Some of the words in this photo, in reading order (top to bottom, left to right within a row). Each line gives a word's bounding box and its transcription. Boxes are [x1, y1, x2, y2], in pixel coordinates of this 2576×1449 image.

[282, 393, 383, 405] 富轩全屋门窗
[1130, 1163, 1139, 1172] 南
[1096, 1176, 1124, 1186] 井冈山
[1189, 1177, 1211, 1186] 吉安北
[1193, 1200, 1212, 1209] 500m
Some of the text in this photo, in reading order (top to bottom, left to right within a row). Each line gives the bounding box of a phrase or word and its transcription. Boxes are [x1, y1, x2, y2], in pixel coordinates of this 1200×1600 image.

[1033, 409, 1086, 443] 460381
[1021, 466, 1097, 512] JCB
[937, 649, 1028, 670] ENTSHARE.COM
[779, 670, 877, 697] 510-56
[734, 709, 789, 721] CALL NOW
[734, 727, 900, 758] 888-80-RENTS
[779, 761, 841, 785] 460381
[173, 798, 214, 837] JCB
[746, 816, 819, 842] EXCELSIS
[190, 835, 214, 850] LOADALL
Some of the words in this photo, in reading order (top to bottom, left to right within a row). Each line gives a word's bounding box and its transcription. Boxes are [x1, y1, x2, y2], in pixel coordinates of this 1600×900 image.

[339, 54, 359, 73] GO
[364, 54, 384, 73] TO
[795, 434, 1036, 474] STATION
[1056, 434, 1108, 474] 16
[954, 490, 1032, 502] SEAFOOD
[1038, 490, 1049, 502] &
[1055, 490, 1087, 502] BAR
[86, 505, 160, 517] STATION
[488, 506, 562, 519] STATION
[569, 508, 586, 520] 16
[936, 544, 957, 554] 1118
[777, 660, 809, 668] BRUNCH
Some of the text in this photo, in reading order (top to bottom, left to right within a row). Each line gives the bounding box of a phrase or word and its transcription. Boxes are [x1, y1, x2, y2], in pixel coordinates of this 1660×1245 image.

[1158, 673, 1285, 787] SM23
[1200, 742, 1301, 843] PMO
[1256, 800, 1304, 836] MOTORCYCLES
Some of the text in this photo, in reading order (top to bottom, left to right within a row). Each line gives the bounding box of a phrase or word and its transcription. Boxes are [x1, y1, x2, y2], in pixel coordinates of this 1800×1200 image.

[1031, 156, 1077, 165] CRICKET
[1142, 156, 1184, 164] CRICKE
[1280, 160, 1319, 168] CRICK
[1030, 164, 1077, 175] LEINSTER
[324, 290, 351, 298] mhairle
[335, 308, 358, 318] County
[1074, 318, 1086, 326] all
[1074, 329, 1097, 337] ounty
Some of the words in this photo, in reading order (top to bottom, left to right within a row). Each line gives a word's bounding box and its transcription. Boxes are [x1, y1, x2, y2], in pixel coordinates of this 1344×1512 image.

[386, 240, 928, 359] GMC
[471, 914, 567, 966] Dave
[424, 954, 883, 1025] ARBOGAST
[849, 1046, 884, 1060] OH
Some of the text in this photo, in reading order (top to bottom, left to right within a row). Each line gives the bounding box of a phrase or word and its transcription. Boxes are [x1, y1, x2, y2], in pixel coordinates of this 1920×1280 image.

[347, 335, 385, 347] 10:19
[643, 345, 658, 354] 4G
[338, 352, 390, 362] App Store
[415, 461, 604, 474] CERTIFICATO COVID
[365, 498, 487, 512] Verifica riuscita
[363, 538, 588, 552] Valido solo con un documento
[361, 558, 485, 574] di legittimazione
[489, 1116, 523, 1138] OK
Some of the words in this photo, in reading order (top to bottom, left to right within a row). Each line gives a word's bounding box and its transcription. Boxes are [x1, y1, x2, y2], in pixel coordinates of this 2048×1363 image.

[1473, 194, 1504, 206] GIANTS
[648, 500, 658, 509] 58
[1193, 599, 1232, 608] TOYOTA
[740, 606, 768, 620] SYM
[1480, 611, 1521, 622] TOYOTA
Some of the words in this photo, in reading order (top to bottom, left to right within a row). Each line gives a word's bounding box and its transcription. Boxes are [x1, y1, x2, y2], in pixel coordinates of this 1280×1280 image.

▸ **Your goal**: Please transcribe the data shown above in full, exactly as it stands.

▸ **Result**:
Some of the words in this photo, in reading order (top to bottom, left to right within a row). Each line gives a word's bounding box and its transcription. Boxes are [x1, y1, x2, y2], in pixel coordinates of this 2576×1449 image.

[282, 393, 383, 405] 富轩全屋门窗
[1130, 1163, 1139, 1172] 南
[1096, 1176, 1124, 1186] 井冈山
[1189, 1177, 1211, 1186] 吉安北
[1193, 1200, 1212, 1209] 500m
Some of the text in this photo, in reading order (top to bottom, left to right within a row). Each line gives the bounding box of a phrase or word and its transcription. Boxes are [x1, y1, x2, y2], in pixel coordinates of this 1200×1600 image.

[1033, 409, 1086, 443] 460381
[1021, 466, 1097, 512] JCB
[937, 649, 1028, 670] ENTSHARE.COM
[779, 670, 877, 697] 510-56
[734, 709, 789, 721] CALL NOW
[734, 727, 900, 758] 888-80-RENTS
[779, 761, 841, 785] 460381
[173, 798, 214, 837] JCB
[746, 816, 819, 842] EXCELSIS
[190, 835, 214, 850] LOADALL
Some of the words in this photo, in reading order (top to bottom, left to right within a row). Each line gives a word's bounding box and its transcription. Boxes are [x1, y1, x2, y2], in pixel coordinates of this 1600×900 image.

[339, 54, 359, 73] GO
[364, 54, 384, 73] TO
[795, 434, 1036, 474] STATION
[1056, 434, 1108, 474] 16
[954, 490, 1032, 502] SEAFOOD
[1038, 490, 1049, 502] &
[1055, 490, 1087, 502] BAR
[86, 505, 160, 517] STATION
[488, 506, 562, 519] STATION
[569, 508, 586, 520] 16
[936, 544, 957, 554] 1118
[777, 660, 809, 668] BRUNCH
Some of the text in this photo, in reading order (top to bottom, left to right within a row). Each line gives the bounding box of a phrase or word and its transcription. Boxes are [x1, y1, x2, y2], in pixel coordinates of this 1660×1245 image.

[1158, 673, 1285, 787] SM23
[1200, 742, 1301, 843] PMO
[1256, 800, 1304, 836] MOTORCYCLES
Some of the text in this photo, in reading order (top to bottom, left to right within a row). Each line gives the bounding box of a phrase or word and its transcription. Boxes are [x1, y1, x2, y2], in pixel coordinates of this 1800×1200 image.

[1031, 156, 1077, 165] CRICKET
[1142, 156, 1184, 164] CRICKE
[1280, 160, 1319, 168] CRICK
[1030, 164, 1077, 175] LEINSTER
[324, 290, 351, 298] mhairle
[335, 308, 358, 318] County
[1074, 318, 1086, 326] all
[1074, 329, 1097, 337] ounty
Some of the words in this photo, in reading order (top to bottom, left to right within a row). Each line gives a word's bounding box and its transcription. Boxes are [x1, y1, x2, y2], in pixel coordinates of this 1344×1512 image.

[386, 240, 928, 359] GMC
[471, 914, 567, 966] Dave
[424, 954, 883, 1025] ARBOGAST
[849, 1046, 884, 1060] OH
Some of the text in this photo, in reading order (top to bottom, left to right within a row). Each line gives the bounding box of a phrase or word and its transcription. Boxes are [x1, y1, x2, y2], in pixel coordinates of this 1920×1280 image.

[347, 335, 385, 347] 10:19
[643, 345, 658, 354] 4G
[338, 352, 390, 362] App Store
[415, 461, 604, 474] CERTIFICATO COVID
[365, 498, 487, 512] Verifica riuscita
[363, 538, 588, 552] Valido solo con un documento
[361, 558, 485, 574] di legittimazione
[489, 1116, 523, 1138] OK
Some of the words in this photo, in reading order (top to bottom, left to right within a row). Each line gives a word's bounding box and its transcription. Boxes are [x1, y1, x2, y2], in pixel coordinates of this 2048×1363 image.

[1473, 194, 1504, 206] GIANTS
[648, 500, 658, 509] 58
[1193, 599, 1232, 608] TOYOTA
[740, 606, 768, 620] SYM
[1480, 611, 1521, 622] TOYOTA
Some of the words in this photo, in reading order (top to bottom, left to right within a row). Each line gives a word's bounding box and its transcription. Boxes are [x1, y1, x2, y2], in pixel coordinates of this 1280×1280 image.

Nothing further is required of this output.